## Aim of the exercise
Every record should be restated exactly, with no images included.

## Material for this task
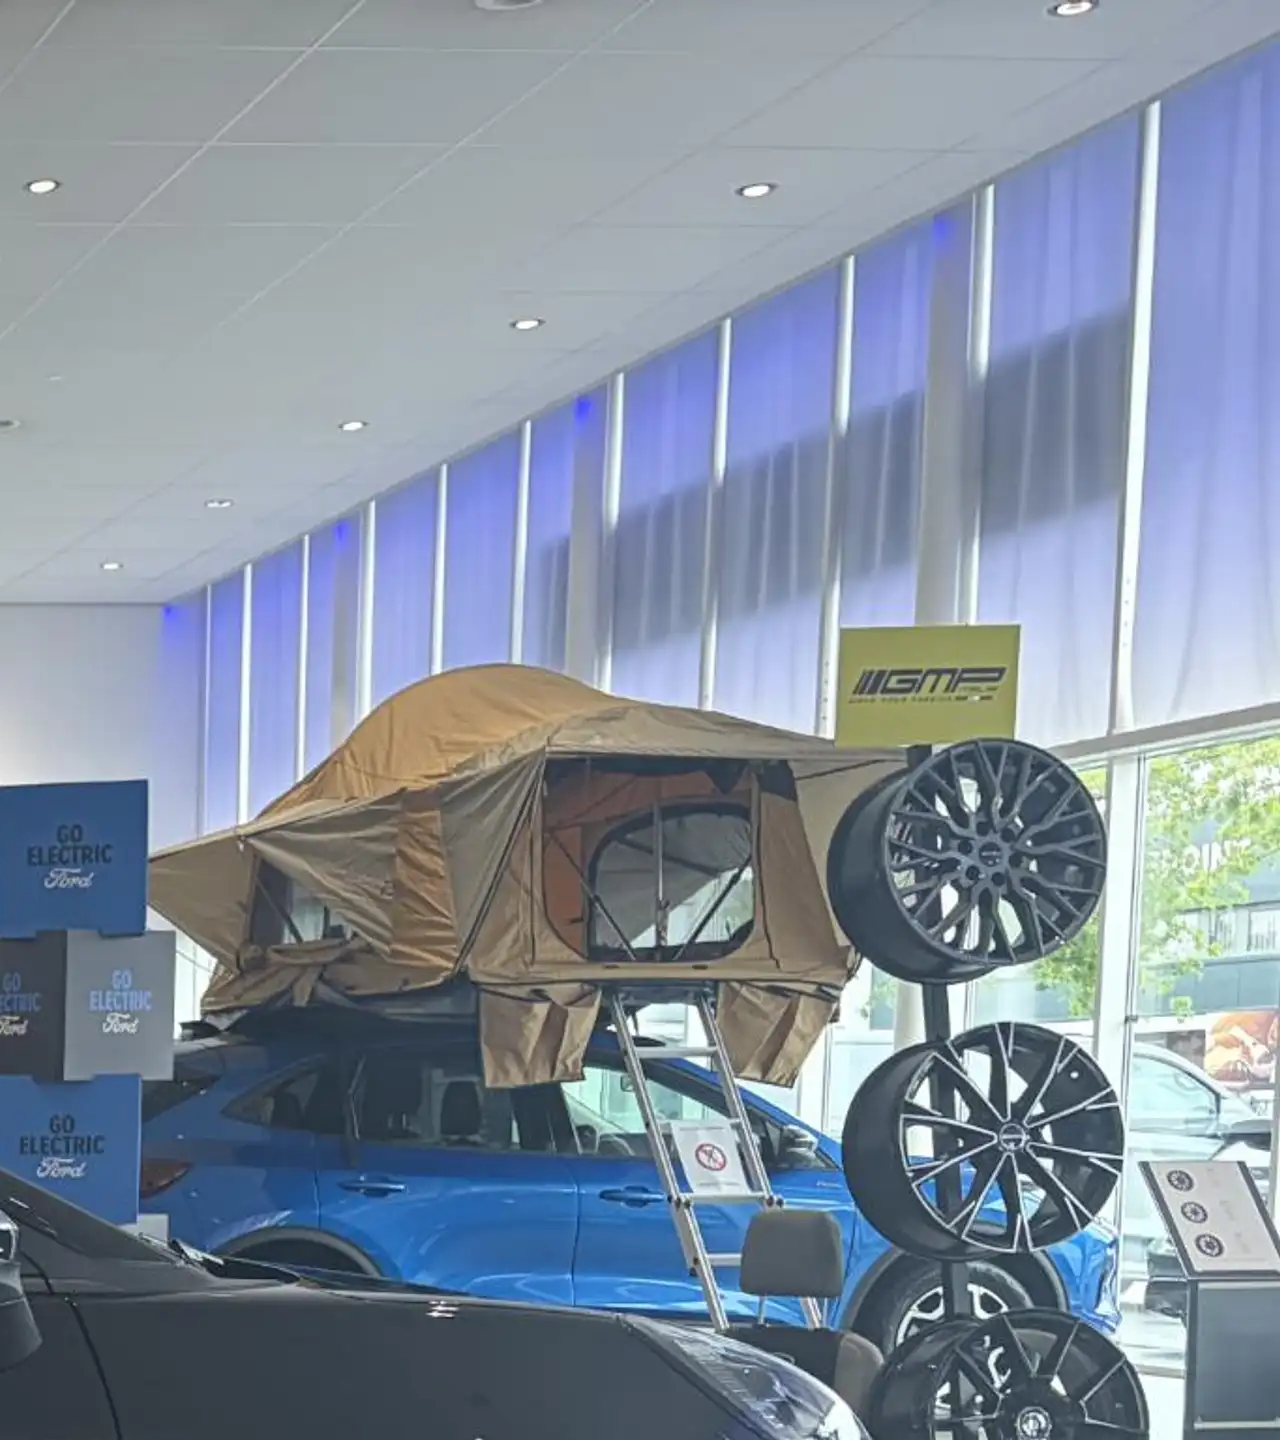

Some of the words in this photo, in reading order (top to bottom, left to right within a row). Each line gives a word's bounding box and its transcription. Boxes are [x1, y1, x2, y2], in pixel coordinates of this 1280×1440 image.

[56, 823, 83, 843] GO
[27, 844, 113, 866] ELECTRIC
[44, 867, 95, 889] Ford
[2, 972, 22, 992] GO
[111, 969, 133, 989] GO
[89, 989, 153, 1012] ELECTRIC
[102, 1012, 140, 1034] Ford
[49, 1113, 76, 1134] GO
[20, 1135, 105, 1155] ELECTRIC
[36, 1156, 88, 1179] Ford

## The answer
Some of the words in this photo, in reading order (top to bottom, left to right within a row). Each line gives a word's bounding box and its transcription. Boxes are [x1, y1, x2, y2], in pixel coordinates of this 1280×1440 image.

[56, 823, 83, 843] GO
[27, 844, 113, 866] ELECTRIC
[44, 867, 95, 889] Ford
[2, 972, 22, 992] GO
[111, 969, 133, 989] GO
[89, 989, 153, 1012] ELECTRIC
[102, 1012, 140, 1034] Ford
[49, 1113, 76, 1134] GO
[20, 1135, 105, 1155] ELECTRIC
[36, 1156, 88, 1179] Ford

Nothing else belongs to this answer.